Keeping Culture Strong, with the Strength of a Crocodile

teho2Life is moving fast for Injinoo born and bred artist, Teho Ropeyarn. With his first solo print exhibition launched last month, Teho takes time from the current Pathways workshop to talk about how to keep culture strong in an ever changing world and his new role as UMI Arts Gallery Curator.

“Indigenous artwork is a part of this country, a part of this land and of the first people of this land,” Teho said. With ties to Angkamuthi and Yadhaykana clans from Injinoo, Badu, Moa and Murray Island on his Father’s side and Woppaburra people and Batchulla people on his Mother’s side, Teho believes he must strive to continue his culture, sharing the stories of his ancestors and teachings of elders. 

His exhibition, Mandang Ikamba  (meaning Strength Of A Crocodile), was a collection of lino and vinyl carved works reflecting Injinoo culture, dedicated to Injinoo Elders past and Present. Teho said he see’s his work as a way for him to preserve culture and stories told to him while growing up.

“Lifestyles are changing, society is changing, but [art] is a way that even through these changes we can practice culture and keep it strong. We know these stories because of  our elders, past and those we work with now– that’s something really special.” 

Mandang Ikamba

Mandang Ikamba (detail), 2012. Images kindly provided by Teho Ropeyarn

“All indigenous artwork is different, each region have their own language, culture, stories and art style,” Teho said, “it’s great to be able to travel to country to work with emerging artists and learn about their style. It’s such an  important step in promoting emerging artists, we help them understand all the business side of exhibitions and galleries.”

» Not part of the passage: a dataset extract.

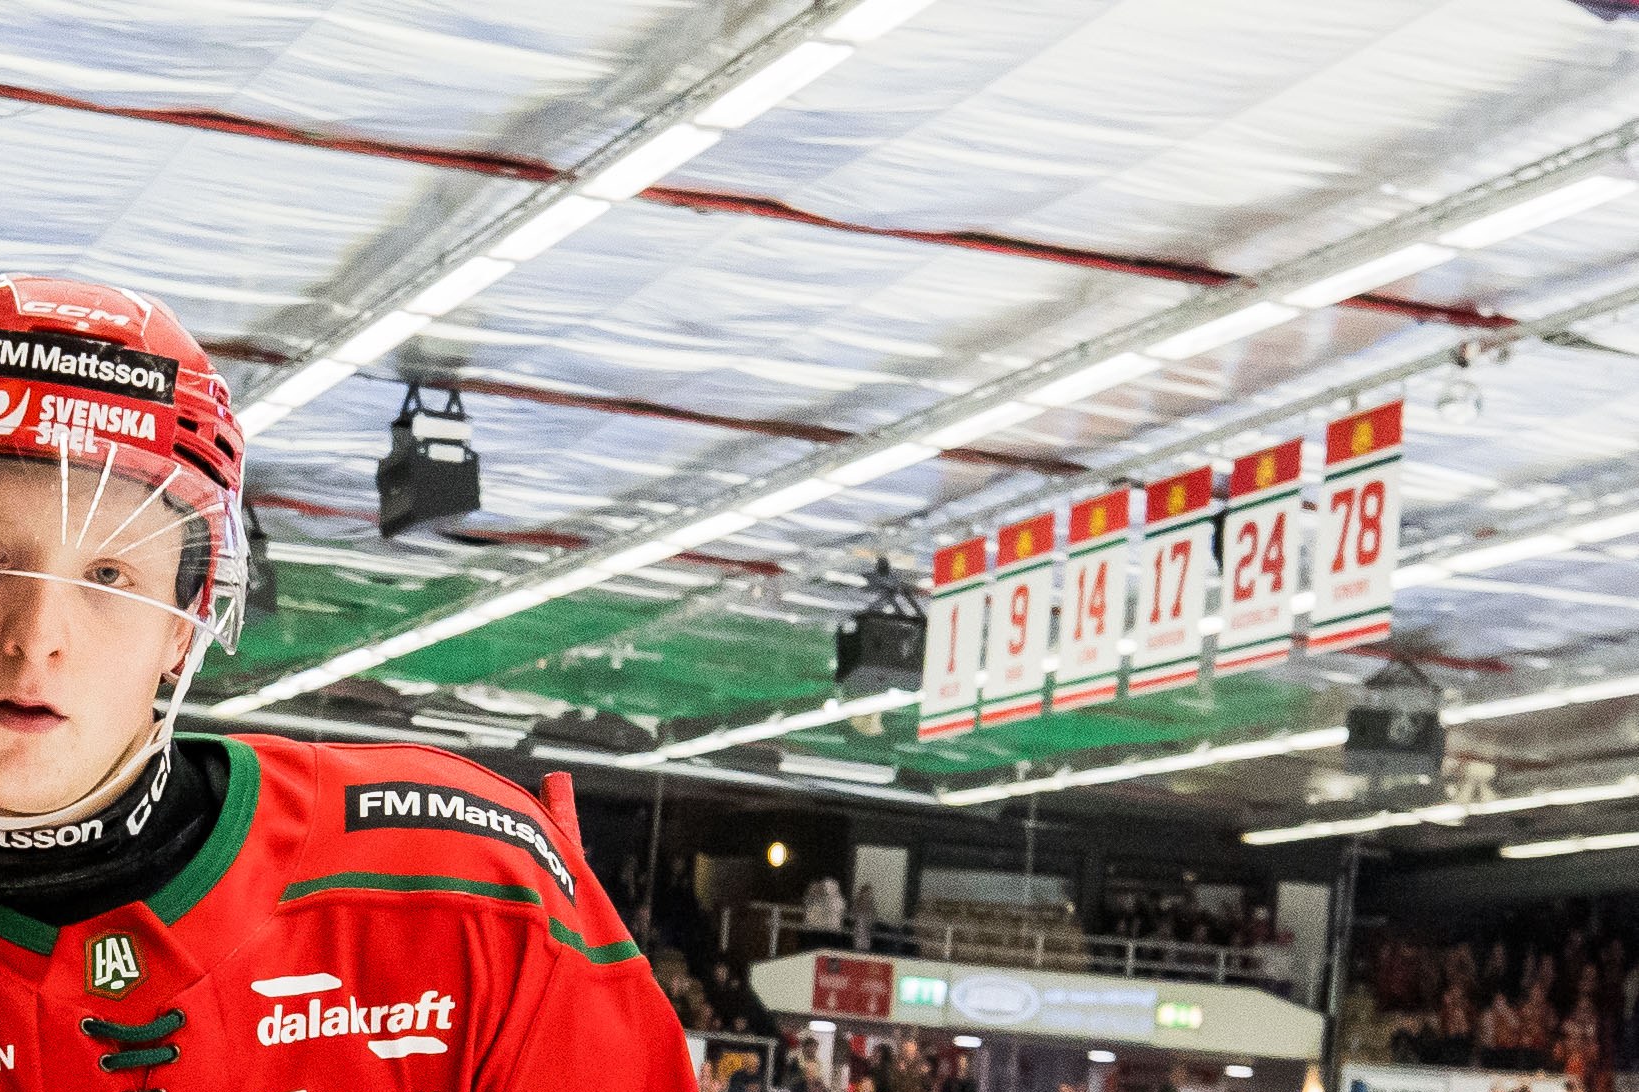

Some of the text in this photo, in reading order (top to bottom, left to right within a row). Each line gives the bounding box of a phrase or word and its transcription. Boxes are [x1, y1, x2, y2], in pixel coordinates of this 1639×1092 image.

Teho now moves onto his new role with UMI, as Gallery Curator, continuing to promote culture and support indigenous communities through managing exhibitions for known and emerging indigenous artists. He has recently designed an exhibition to run alongside this year’s CIAF, called Freshwater Saltwater. The exhibition was designed to be held as an annual event, allowing emerging artists to have their work exhibited during CIAF, arguably the biggest annual celebration of Indigenous Art and Culture in Cairns.

“[UMI Arts] members wanted to do more shows, but we just didn’t have the space,” Teho explained. With recent rennovations, UMI Arts Gallery now have extra space and the oppertunity to showcase Indigenous Artwork from established and emerging artists across Cape York.

NPA Artists who completed the Exhibition Ready program held in 2012 were invited to submit their work as UMI Arts Alumni Artists, further extending the reach of their exhibitioned work.